Leben[Bearbeiten | Quelltext bearbeiten]

Marie Vandewart wuchs als zweite von drei Töchtern des Berliner Schiffsbauingenieurs Eugen Vandewart (21. September 1885–10. November 1941) und seiner Ehefrau Anna Vandewart, geb. Markus (28. Dezember 1885–10. November 1941) zusammen mit ihren beiden Schwestern Eva und Gertrude in Berlin-Charlottenburg auf. Das liberale jüdische Elternhaus ermöglichte seinen Kindern eine umfassende Bildung und förderte vor allem ihre musikalischen Interessen. Zu Beginn der 1930er Jahre begann Marie Vandewart ein Musikstudium an der Berliner Hochschule für Musik u. a. bei Otto Niedermeyer und Enrico Mainardi, außerdem nahm sie Privatunterricht bei Emanuel Feuermann. Während ihres Studiums gehörte sie zum Freundeskreis der musikinteressierten Familie Peschko, in deren Haus in Berlin-Lichterfelde sie 1933 bei einer Party ihren späteren Ehemann Alfons Blaschke (1906–2002) kennenlernte, einen Sozialarbeiter, der dort zur Untermiete wohnte.

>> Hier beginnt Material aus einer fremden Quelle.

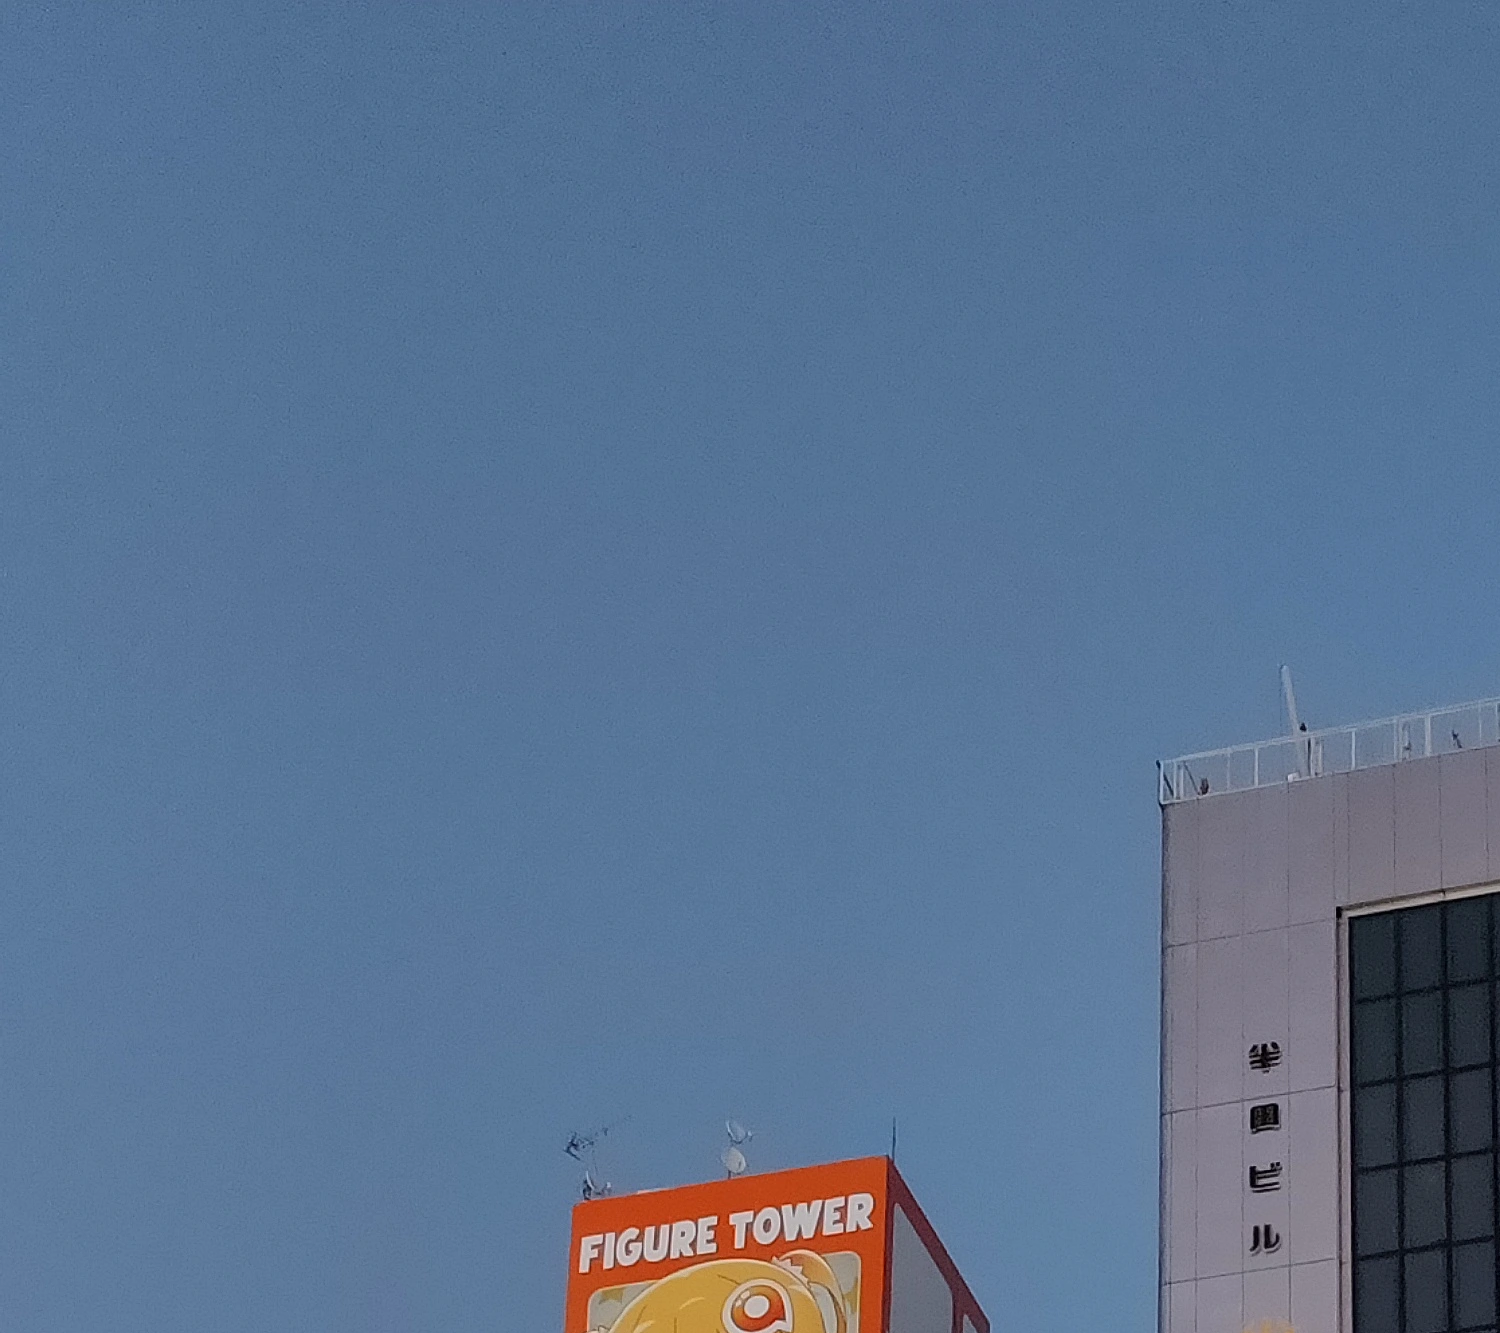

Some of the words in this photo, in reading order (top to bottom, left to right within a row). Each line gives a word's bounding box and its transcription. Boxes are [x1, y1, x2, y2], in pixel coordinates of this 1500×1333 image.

Zunehmende Repressionen des nationalsozialistischen Regimes in den 1930er Jahren, die schließlich zur Zwangsexmatrikulation Maries an der Berliner Musikhochschule führten, ließen in ihr und Alfons Blaschke den Entschluss zu Emigration reifen. Eine zufällige Begegnung mit zwei neuseeländischen Touristen in Berlin gab das Ziel vor. Marie Vandewart emigrierte im April 1939 zunächst nach England, wo auf Betreiben der Eltern bereits ihre beiden Schwestern lebten, und traf im Juli 1939 in Wellington in Neuseeland ein. Alfons Blaschke wollte ihr wenig später folgen, schaffte es jedoch – wenige Tage vor Kriegsausbruch – nur bis nach England, wo er als „feindlicher Ausländer“ interniert und bis Kriegsende an der Weiterreise nach Neuseeland gehindert wurde.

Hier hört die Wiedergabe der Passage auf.